## [Problem description]
Output every entry exactly as written, but omit the pictures.

[Dataset excerpts]

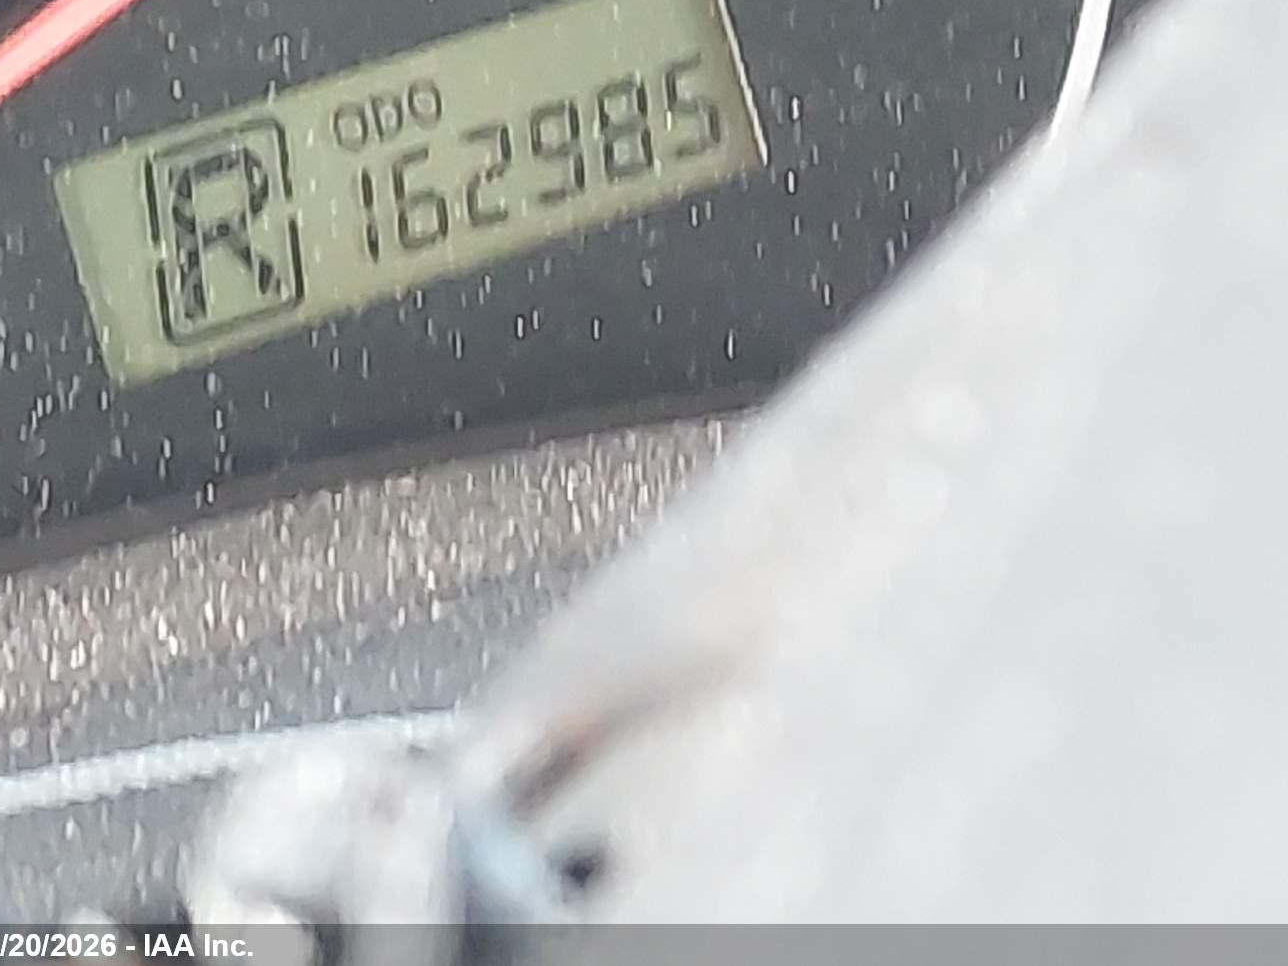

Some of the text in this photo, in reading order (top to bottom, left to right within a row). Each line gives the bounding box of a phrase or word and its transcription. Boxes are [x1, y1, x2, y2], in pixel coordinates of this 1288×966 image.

[331, 77, 443, 152] ODO
[360, 52, 722, 264] 162985
[168, 144, 284, 322] R
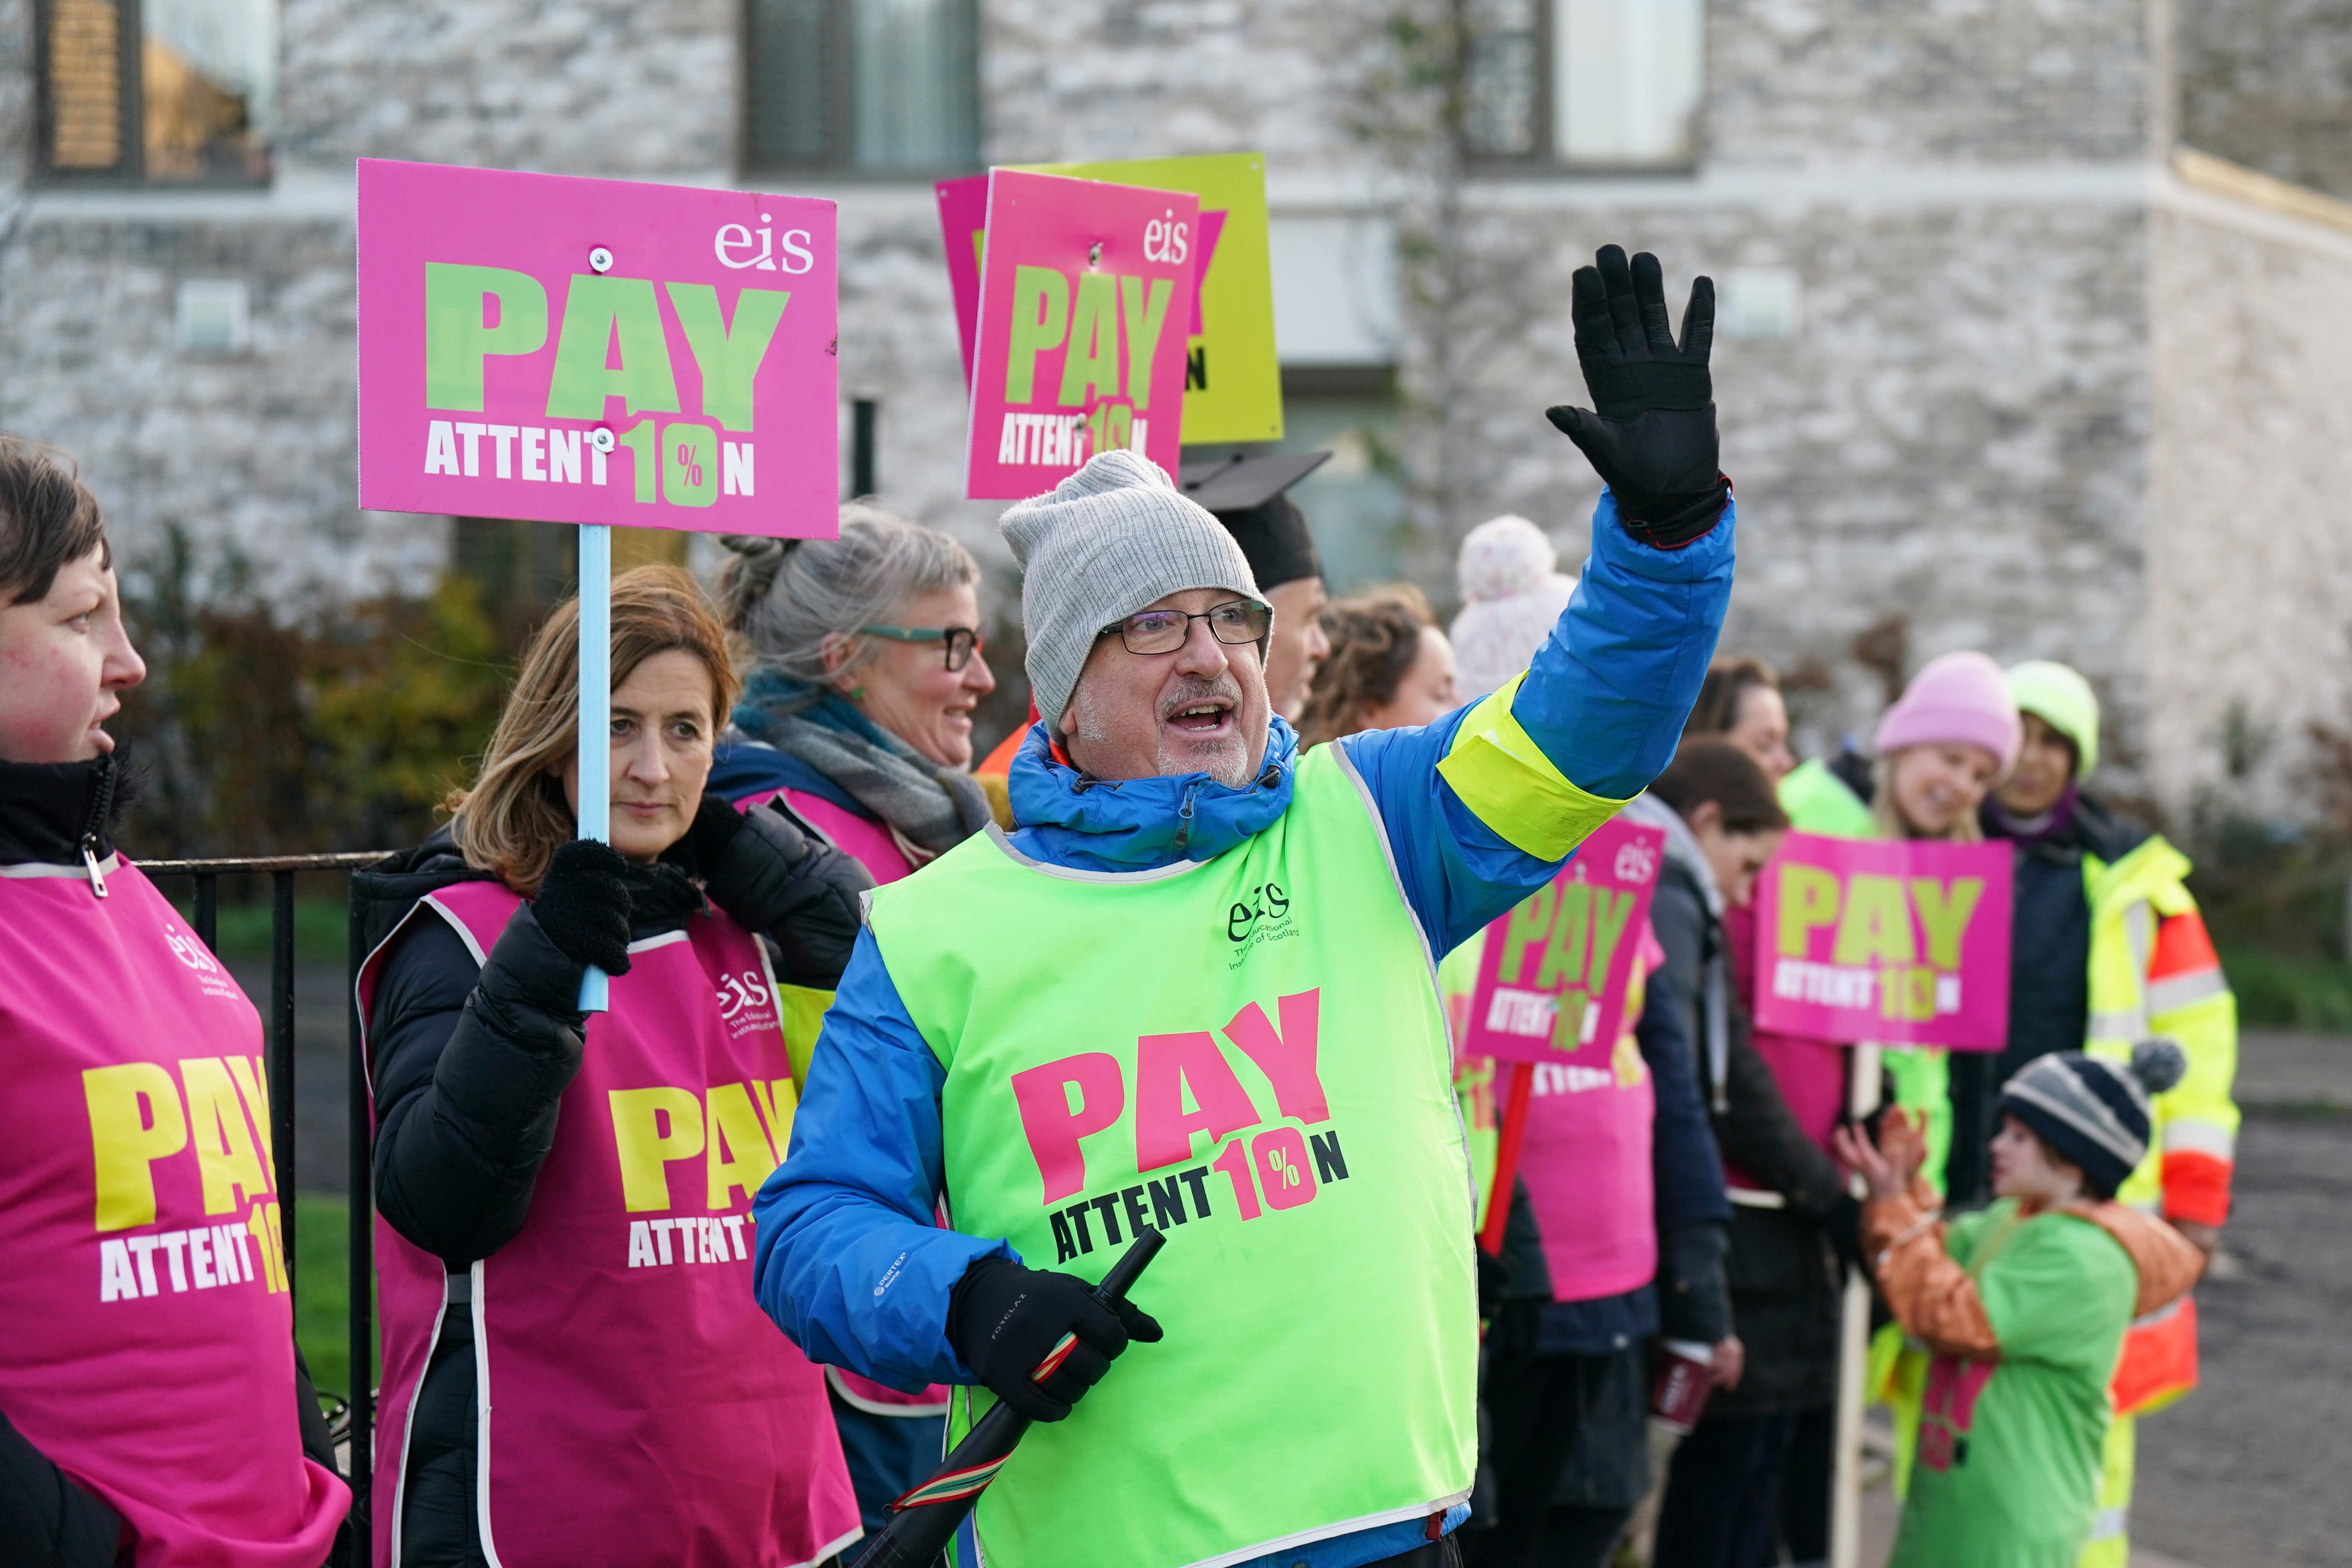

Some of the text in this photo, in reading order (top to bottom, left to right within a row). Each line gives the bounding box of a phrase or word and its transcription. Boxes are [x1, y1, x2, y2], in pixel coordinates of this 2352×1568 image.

[714, 213, 814, 274] eis
[1143, 209, 1188, 264] eis
[425, 261, 792, 433] PAY
[1004, 265, 1175, 411] PAY
[1228, 883, 1289, 942] eis
[1497, 879, 1636, 997] PAY
[1777, 862, 1985, 971] PAY
[1010, 987, 1330, 1207] PAY
[628, 1214, 755, 1268] ATTENT
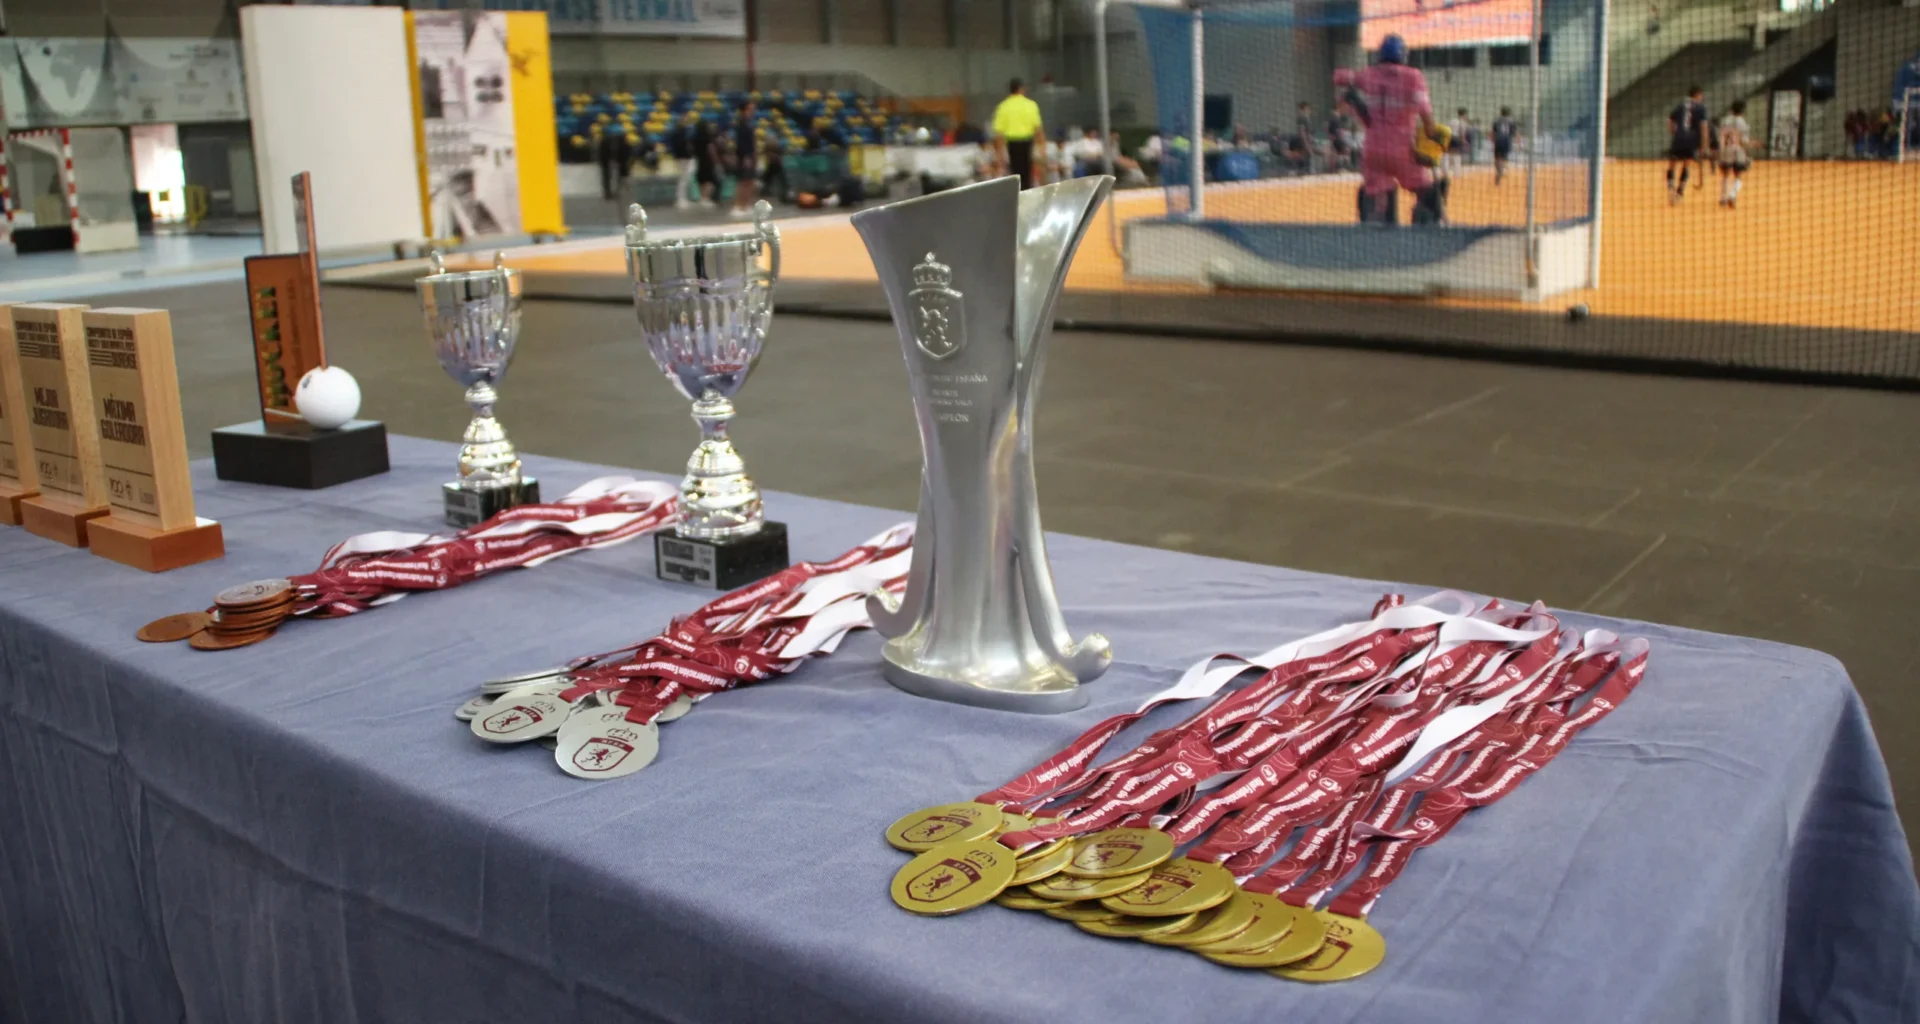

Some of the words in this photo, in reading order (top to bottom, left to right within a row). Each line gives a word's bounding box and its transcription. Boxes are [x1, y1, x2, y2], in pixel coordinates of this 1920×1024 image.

[649, 661, 679, 674] Española
[677, 666, 714, 685] Federación
[1035, 765, 1063, 784] Hockey
[1057, 760, 1071, 775] de
[1158, 772, 1179, 789] Real
[1247, 774, 1265, 792] Real
[1177, 814, 1205, 834] Hockey

## [Written solution]
Some of the text in this photo, in reading order (top to bottom, left to right within a row). Each line gives the bounding box of a phrase or word and its transcription. Boxes are [x1, y1, x2, y2], in pixel coordinates of this 1288×966 image.

[331, 77, 443, 152] ODO
[360, 52, 722, 264] 162985
[168, 144, 284, 322] R

Some of the text in this photo, in reading order (top to bottom, left to right within a row). Each line gives the bounding box of a phrase or word and its transcription. Boxes are [x1, y1, x2, y2], in pixel coordinates of this 2352×1568 image.

[714, 213, 814, 274] eis
[1143, 209, 1188, 264] eis
[425, 261, 792, 433] PAY
[1004, 265, 1175, 411] PAY
[1228, 883, 1289, 942] eis
[1497, 879, 1636, 997] PAY
[1777, 862, 1985, 971] PAY
[1010, 987, 1330, 1207] PAY
[628, 1214, 755, 1268] ATTENT

Some of the words in this photo, in reading order (top to bottom, left to right within a row). Each line gives a word's bounding box and its transcription. Boxes are [x1, y1, x2, y2], in pixel coordinates of this 1920×1024 image.

[649, 661, 679, 674] Española
[677, 666, 714, 685] Federación
[1035, 765, 1063, 784] Hockey
[1057, 760, 1071, 775] de
[1158, 772, 1179, 789] Real
[1247, 774, 1265, 792] Real
[1177, 814, 1205, 834] Hockey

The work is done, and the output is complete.